EXERCISE DESCRIPTION:
Please transcribe every record below exactly as written.

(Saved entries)

Start of Block

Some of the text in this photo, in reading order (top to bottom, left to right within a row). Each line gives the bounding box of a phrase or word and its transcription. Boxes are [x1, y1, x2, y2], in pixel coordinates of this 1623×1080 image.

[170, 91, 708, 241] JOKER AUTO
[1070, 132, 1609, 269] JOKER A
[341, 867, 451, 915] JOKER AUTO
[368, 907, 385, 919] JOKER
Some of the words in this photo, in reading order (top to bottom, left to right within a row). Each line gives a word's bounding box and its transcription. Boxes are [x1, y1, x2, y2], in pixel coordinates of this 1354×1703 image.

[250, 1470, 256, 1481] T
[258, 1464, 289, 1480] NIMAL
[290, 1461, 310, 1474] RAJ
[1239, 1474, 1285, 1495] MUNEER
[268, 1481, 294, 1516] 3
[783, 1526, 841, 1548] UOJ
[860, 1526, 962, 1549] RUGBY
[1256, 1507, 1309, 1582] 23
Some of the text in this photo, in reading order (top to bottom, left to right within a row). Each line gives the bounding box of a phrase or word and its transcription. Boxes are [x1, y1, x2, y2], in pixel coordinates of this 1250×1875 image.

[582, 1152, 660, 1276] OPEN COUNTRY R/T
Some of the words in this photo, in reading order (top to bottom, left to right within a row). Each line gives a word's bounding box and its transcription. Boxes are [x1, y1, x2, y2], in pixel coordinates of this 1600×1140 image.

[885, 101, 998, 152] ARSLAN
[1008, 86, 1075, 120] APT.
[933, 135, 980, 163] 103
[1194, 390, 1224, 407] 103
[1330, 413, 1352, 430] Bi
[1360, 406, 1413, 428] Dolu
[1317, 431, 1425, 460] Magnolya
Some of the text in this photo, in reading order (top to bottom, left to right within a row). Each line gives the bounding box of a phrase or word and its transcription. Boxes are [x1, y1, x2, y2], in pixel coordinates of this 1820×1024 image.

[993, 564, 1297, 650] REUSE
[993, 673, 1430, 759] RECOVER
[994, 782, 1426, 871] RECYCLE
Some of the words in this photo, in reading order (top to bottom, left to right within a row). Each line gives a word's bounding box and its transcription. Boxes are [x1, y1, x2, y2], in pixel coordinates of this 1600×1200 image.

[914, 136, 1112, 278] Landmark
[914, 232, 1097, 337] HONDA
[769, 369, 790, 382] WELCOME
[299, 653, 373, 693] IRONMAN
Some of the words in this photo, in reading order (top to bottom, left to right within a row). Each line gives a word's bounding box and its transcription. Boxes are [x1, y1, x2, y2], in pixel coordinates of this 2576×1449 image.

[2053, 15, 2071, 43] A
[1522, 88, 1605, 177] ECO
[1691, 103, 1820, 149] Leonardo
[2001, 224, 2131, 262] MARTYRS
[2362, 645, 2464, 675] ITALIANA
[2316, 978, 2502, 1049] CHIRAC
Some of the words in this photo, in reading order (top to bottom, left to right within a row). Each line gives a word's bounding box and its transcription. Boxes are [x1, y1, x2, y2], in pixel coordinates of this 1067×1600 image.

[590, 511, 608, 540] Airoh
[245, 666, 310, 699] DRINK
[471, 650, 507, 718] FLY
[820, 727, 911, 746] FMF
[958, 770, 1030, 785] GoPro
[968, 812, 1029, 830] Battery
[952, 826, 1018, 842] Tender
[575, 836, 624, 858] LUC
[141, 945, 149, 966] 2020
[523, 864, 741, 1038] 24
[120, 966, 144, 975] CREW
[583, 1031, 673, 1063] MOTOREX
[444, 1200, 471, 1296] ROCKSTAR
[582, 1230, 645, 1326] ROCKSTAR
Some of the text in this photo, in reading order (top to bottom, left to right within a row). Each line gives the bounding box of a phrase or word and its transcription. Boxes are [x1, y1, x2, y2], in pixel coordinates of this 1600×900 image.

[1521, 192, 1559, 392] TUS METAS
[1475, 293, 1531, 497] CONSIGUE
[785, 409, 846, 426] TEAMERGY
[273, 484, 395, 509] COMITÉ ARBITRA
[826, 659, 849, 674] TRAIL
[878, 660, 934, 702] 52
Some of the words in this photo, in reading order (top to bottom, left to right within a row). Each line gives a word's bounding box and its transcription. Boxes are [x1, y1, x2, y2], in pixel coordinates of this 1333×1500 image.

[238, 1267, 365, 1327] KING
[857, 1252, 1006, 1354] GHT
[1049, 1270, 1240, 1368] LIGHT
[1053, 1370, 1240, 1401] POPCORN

End of Block

RESPONSE TO THIS EXERCISE:
Some of the text in this photo, in reading order (top to bottom, left to right within a row). Each line gives the bounding box of a phrase or word and its transcription. Boxes are [x1, y1, x2, y2], in pixel coordinates of this 1623×1080 image.

[170, 91, 708, 241] JOKER AUTO
[1070, 132, 1609, 269] JOKER A
[341, 867, 451, 915] JOKER AUTO
[368, 907, 385, 919] JOKER
Some of the words in this photo, in reading order (top to bottom, left to right within a row). Each line gives a word's bounding box and its transcription. Boxes are [x1, y1, x2, y2], in pixel coordinates of this 1354×1703 image.

[250, 1470, 256, 1481] T
[258, 1464, 289, 1480] NIMAL
[290, 1461, 310, 1474] RAJ
[1239, 1474, 1285, 1495] MUNEER
[268, 1481, 294, 1516] 3
[783, 1526, 841, 1548] UOJ
[860, 1526, 962, 1549] RUGBY
[1256, 1507, 1309, 1582] 23
Some of the text in this photo, in reading order (top to bottom, left to right within a row). Each line gives the bounding box of a phrase or word and its transcription. Boxes are [x1, y1, x2, y2], in pixel coordinates of this 1250×1875 image.

[582, 1152, 660, 1276] OPEN COUNTRY R/T
Some of the words in this photo, in reading order (top to bottom, left to right within a row). Each line gives a word's bounding box and its transcription. Boxes are [x1, y1, x2, y2], in pixel coordinates of this 1600×1140 image.

[885, 101, 998, 152] ARSLAN
[1008, 86, 1075, 120] APT.
[933, 135, 980, 163] 103
[1194, 390, 1224, 407] 103
[1330, 413, 1352, 430] Bi
[1360, 406, 1413, 428] Dolu
[1317, 431, 1425, 460] Magnolya
Some of the text in this photo, in reading order (top to bottom, left to right within a row). Each line gives the bounding box of a phrase or word and its transcription. Boxes are [x1, y1, x2, y2], in pixel coordinates of this 1820×1024 image.

[993, 564, 1297, 650] REUSE
[993, 673, 1430, 759] RECOVER
[994, 782, 1426, 871] RECYCLE
Some of the words in this photo, in reading order (top to bottom, left to right within a row). Each line gives a word's bounding box and its transcription. Boxes are [x1, y1, x2, y2], in pixel coordinates of this 1600×1200 image.

[914, 136, 1112, 278] Landmark
[914, 232, 1097, 337] HONDA
[769, 369, 790, 382] WELCOME
[299, 653, 373, 693] IRONMAN
Some of the words in this photo, in reading order (top to bottom, left to right within a row). Each line gives a word's bounding box and its transcription. Boxes are [x1, y1, x2, y2], in pixel coordinates of this 2576×1449 image.

[2053, 15, 2071, 43] A
[1522, 88, 1605, 177] ECO
[1691, 103, 1820, 149] Leonardo
[2001, 224, 2131, 262] MARTYRS
[2362, 645, 2464, 675] ITALIANA
[2316, 978, 2502, 1049] CHIRAC
Some of the words in this photo, in reading order (top to bottom, left to right within a row). Each line gives a word's bounding box and its transcription. Boxes are [x1, y1, x2, y2], in pixel coordinates of this 1067×1600 image.

[590, 511, 608, 540] Airoh
[245, 666, 310, 699] DRINK
[471, 650, 507, 718] FLY
[820, 727, 911, 746] FMF
[958, 770, 1030, 785] GoPro
[968, 812, 1029, 830] Battery
[952, 826, 1018, 842] Tender
[575, 836, 624, 858] LUC
[141, 945, 149, 966] 2020
[523, 864, 741, 1038] 24
[120, 966, 144, 975] CREW
[583, 1031, 673, 1063] MOTOREX
[444, 1200, 471, 1296] ROCKSTAR
[582, 1230, 645, 1326] ROCKSTAR
Some of the text in this photo, in reading order (top to bottom, left to right within a row). Each line gives the bounding box of a phrase or word and its transcription. Boxes are [x1, y1, x2, y2], in pixel coordinates of this 1600×900 image.

[1521, 192, 1559, 392] TUS METAS
[1475, 293, 1531, 497] CONSIGUE
[785, 409, 846, 426] TEAMERGY
[273, 484, 395, 509] COMITÉ ARBITRA
[826, 659, 849, 674] TRAIL
[878, 660, 934, 702] 52
Some of the words in this photo, in reading order (top to bottom, left to right within a row). Each line gives a word's bounding box and its transcription. Boxes are [x1, y1, x2, y2], in pixel coordinates of this 1333×1500 image.

[238, 1267, 365, 1327] KING
[857, 1252, 1006, 1354] GHT
[1049, 1270, 1240, 1368] LIGHT
[1053, 1370, 1240, 1401] POPCORN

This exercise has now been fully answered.